Transclusion was posed by Ted Nelson in 1980 in his book Literary Machines. It was key to his vision of an internet but was one of the things that slipped through.

It can be demonstrated that any amount of parts of a whole bitstream, segmented anywhere, are in fact parts of this whole by combining these parts in a homeomorphic hash. Hash the whole, then hash the parts in order, and if the hash of the parts matches the hash of the whole then they are the same.

We recognize that a quote has a part of the text that precedes it and part of the text that succeeds it, and in between those is the quote itself. It is not enough that it is an inclusion, it also has to be in sequential order, or a sequential inclusion. Since we will be referring to this concept a lot for the rest of this, we will term this a sequinclusion. A sequinclusion is verified by hashing the hashes of the parts in order and comparing the result to the hash of the whole. If they are the same, then it is valid.
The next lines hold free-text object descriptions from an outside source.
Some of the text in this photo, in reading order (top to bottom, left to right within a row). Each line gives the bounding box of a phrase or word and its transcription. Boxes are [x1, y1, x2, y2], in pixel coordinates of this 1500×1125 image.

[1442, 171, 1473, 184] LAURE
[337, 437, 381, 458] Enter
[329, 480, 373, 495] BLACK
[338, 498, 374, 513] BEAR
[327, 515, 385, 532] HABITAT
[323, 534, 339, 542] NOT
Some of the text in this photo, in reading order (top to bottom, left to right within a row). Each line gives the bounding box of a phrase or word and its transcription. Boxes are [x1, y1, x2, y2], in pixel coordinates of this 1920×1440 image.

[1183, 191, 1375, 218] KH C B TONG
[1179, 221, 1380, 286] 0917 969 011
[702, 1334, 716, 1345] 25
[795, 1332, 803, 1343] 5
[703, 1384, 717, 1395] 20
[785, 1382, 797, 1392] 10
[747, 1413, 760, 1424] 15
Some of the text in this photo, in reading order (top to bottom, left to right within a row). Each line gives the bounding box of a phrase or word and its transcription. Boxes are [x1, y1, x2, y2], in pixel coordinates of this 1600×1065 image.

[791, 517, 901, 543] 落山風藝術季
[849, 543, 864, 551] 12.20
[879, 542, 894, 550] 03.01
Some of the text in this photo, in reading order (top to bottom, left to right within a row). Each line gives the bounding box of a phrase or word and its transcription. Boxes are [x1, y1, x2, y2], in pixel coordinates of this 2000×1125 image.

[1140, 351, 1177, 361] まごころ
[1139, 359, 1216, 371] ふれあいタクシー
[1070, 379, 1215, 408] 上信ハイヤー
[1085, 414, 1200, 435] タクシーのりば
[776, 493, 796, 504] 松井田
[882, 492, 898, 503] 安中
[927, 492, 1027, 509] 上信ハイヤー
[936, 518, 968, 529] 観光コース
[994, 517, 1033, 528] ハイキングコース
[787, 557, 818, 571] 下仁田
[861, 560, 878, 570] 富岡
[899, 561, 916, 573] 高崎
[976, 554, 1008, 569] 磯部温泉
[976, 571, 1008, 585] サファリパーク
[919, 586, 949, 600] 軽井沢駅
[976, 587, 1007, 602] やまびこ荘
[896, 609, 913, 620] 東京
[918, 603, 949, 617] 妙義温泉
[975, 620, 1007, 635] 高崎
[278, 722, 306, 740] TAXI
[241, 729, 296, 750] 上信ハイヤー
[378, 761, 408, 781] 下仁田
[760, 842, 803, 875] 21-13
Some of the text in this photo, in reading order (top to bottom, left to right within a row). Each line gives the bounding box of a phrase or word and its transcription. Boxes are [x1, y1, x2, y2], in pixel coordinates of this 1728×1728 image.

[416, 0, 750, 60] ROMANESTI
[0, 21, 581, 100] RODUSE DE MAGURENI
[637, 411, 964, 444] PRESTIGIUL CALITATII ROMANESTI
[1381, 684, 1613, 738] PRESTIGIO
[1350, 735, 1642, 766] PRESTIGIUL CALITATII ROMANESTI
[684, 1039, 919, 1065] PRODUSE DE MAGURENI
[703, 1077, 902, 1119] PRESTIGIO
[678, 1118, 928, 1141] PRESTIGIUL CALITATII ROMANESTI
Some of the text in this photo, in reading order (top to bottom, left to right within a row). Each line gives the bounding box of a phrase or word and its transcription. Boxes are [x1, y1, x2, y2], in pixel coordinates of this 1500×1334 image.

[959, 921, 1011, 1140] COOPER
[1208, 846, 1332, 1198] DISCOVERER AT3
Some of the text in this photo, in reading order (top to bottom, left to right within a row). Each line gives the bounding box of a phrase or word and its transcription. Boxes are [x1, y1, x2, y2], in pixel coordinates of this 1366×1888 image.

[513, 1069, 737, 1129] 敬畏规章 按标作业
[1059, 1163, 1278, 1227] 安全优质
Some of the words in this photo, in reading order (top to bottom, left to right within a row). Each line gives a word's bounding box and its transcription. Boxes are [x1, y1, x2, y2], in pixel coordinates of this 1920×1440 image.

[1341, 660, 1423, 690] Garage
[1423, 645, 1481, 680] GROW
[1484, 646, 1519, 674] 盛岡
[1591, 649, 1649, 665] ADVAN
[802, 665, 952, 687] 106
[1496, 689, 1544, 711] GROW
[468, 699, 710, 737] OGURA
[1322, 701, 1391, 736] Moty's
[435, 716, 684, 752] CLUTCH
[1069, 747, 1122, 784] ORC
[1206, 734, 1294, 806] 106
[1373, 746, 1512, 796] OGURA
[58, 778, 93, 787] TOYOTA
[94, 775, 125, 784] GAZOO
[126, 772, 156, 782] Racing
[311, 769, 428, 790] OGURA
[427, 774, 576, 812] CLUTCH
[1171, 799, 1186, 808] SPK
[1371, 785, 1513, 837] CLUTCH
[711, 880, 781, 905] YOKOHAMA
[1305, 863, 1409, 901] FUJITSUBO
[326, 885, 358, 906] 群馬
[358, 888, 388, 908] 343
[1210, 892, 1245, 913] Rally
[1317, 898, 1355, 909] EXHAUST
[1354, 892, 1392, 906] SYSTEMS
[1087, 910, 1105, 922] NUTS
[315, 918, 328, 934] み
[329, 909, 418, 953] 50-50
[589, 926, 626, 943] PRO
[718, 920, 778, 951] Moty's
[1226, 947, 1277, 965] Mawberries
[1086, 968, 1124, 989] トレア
Proof of transclusion is predicated upon identifying source documents by their content hashes in a CAN, which is closer to Ted Nelson’s original vision of the internet. It does not work without this. Proof of Transclusion is as follows: at each document’s creation, hash the text content according to the homeomorphic hash and make it queryable by that hash. When a document wants to transclude from an older document, it will contain in metadata (data beyond the data - stored separately from the data, not as inline attributes like how HTML/XML does it) the following seven hashes, all of the same length:

1. whole text of the cited document
2. text preceding the quote of the cited document
3. quote text from cited document
4. text succeeding the quote of the cited document
5. whole text of the citing document
6. text preceding the quote of the citing document
7. text succeeding the quote of the citing document

Since the quote texts are expected to be identical, their hashes will be identical, so the metadata can de-dupe and just store one. (This is beneficial if data storage and transmission are expected to be more expensive than computation, which it currently is). A transclusion between two documents is a pair of sequinclusions. To verify the transclusion, verify the sequinclusion for the cited document (parts 1 vs. parts 2, 3, and 4), and the sequinclusion for the citing document (parts 5 vs. 6, 3, and 7). If both sequinclusions are valid, then the transclusion is valid. This works because if the quotes are the same, then the hashes for the quoted parts will be the same, and so using the same hash when constructing the segmented parts of the sequinclusion will work both times for a valid transclusion.

Transclusions do not have to stop at two sequinclusions, it can be more than that. This only practically works if you store the indexes of your quotes alongside your transclusion metadata, otherwise you have to scan your documents in quadratic time in its document’s length to find the quote.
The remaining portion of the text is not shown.